Anti-Semitism of the most virulent racist type formed a central theme of
Nazi ideology. In
Mein Kampf, Hitler made numerous ugly references to the Jews as ‘parasites’ and ‘degenerates’ whose presence was supposedly poisoning the purity of German blood. He also identified Communism as a Jewish movement, giving the struggle against ‘Jewish Bolshevism’ the highest priority in his programme. Once in power the Nazis gave legal expression to their views. According to the Nuremberg Laws of 1935, it was a criminal offence for Jews and non-Jews to marry or to have sexual intercourse. Jewishness was defined by kinship criteria within three generations, and was used to withdraw civil rights from all people coming within its purview. Jews were not the only group to be classed as
Untermenschen or ‘sub-humans’, nor were they the only people to be murdered en masse, simply for what they were. But the so-called Final Solution of 1941–5 was certainly the largest single campaign of genocide which the Nazis put into execution.
It is relevant to note that Nazi anti-Semitism flourished in a country where the Jews represented less than 1% of the population and where they were highly assimilated into German culture. It would seem that the more extreme anti-Semitic fantasies thrived on the fact that the scapegoats were scarce. It is difficult to say how many Germans shared the Nazis' views and how many rejected them in private, but there were few public protests.

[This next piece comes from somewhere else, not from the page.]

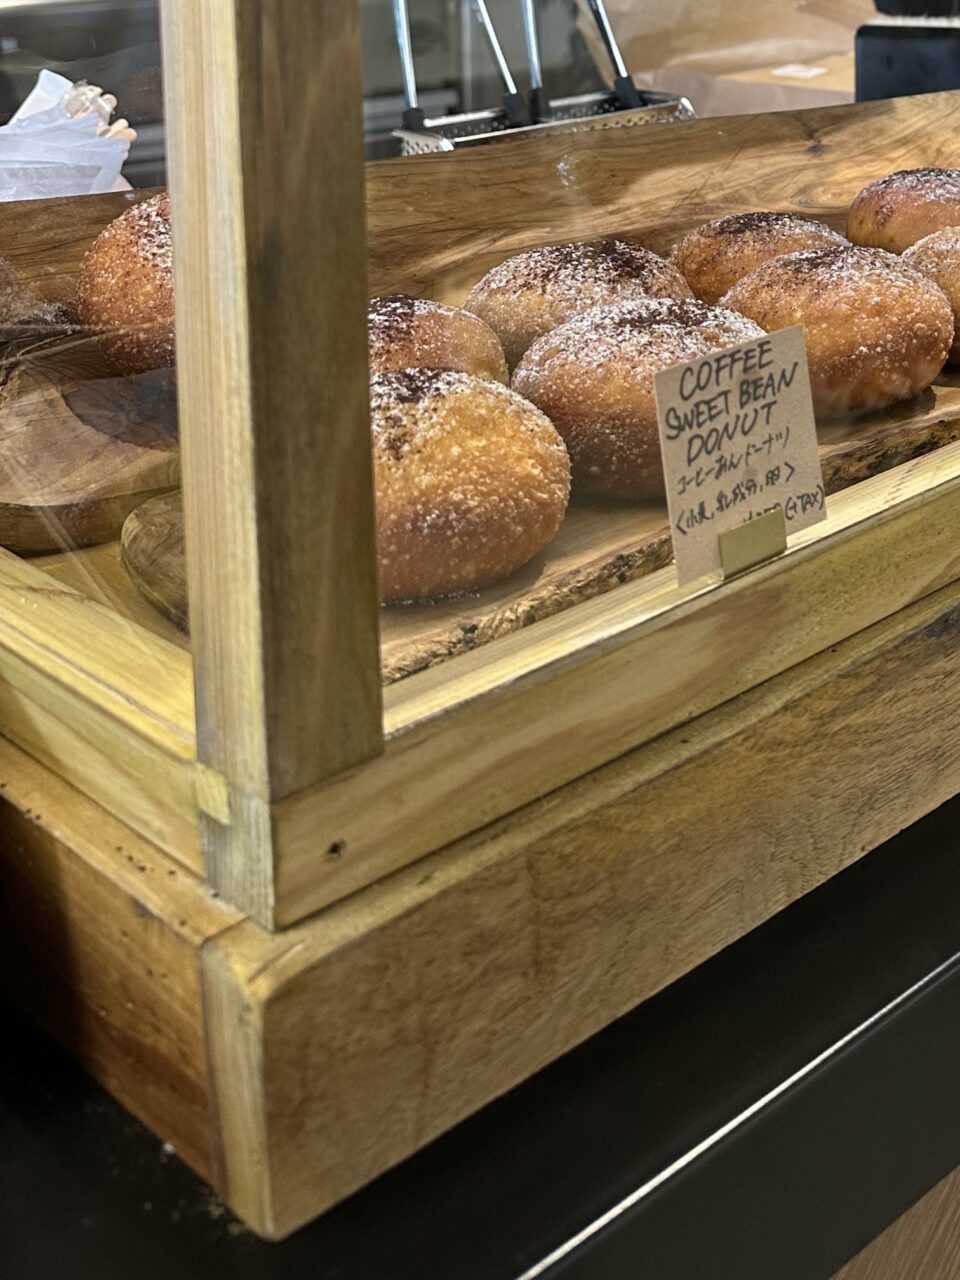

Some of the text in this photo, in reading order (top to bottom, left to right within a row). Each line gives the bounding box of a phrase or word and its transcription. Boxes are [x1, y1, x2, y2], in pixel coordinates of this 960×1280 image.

In Poland, where the Jewish community was ten times larger than in Germany and much less assimilated, racist anti-Semitism of the Nazi type was rare. Tensions between Jews and non-Jews had certainly been rising in the last years before the war, and they were to rise still further in 1939 when the Jews of eastern Poland were widely suspected of welcoming the Soviet invasion. The nationalist wing of public opinion had always been notoriously xenophobic, and the various religious and ethnic minorities had to suffer a tide of threats, jibes, and petty discrimination. Religious anti-Semitism involving the ancient ‘blood-libel’ was not uncommon. At the same time, pre-war Poland had granted far-reaching political and cultural autonomy to the Jewish
kahals, or communes. Since the Middle Ages legal
ghettos had disappeared, until their formation by the Nazis in 1939–40, and organized violence was at most sporadic. The
SS located their death camps (see
OPERATION REINHARD) in occupied Poland for the simple reason that the majority of the intended victims lived there: they could
not count on any significant measure of support from a Polish population which was itself terrorized. In the period of segregation, a class of
szmalcowniks or ‘greasers’ was used by the
Gestapo to betray fugitive Jews for money. (The Gestapo had a similar practice of keeping Jewish informers alive on licence in order to report on the Polish underground.) Despite widespread apathy and complacency in Poland about the fate of the Jews, many individuals risked their lives in order to render assistance (see
Zegota). The most eloquent commentary on Polish anti-Semitism is to be found at the Yad-Vashem Holocaust Memorial Centre in Jerusalem, where Polish names form the largest single group in the avenue of ‘the Righteous among Nations’.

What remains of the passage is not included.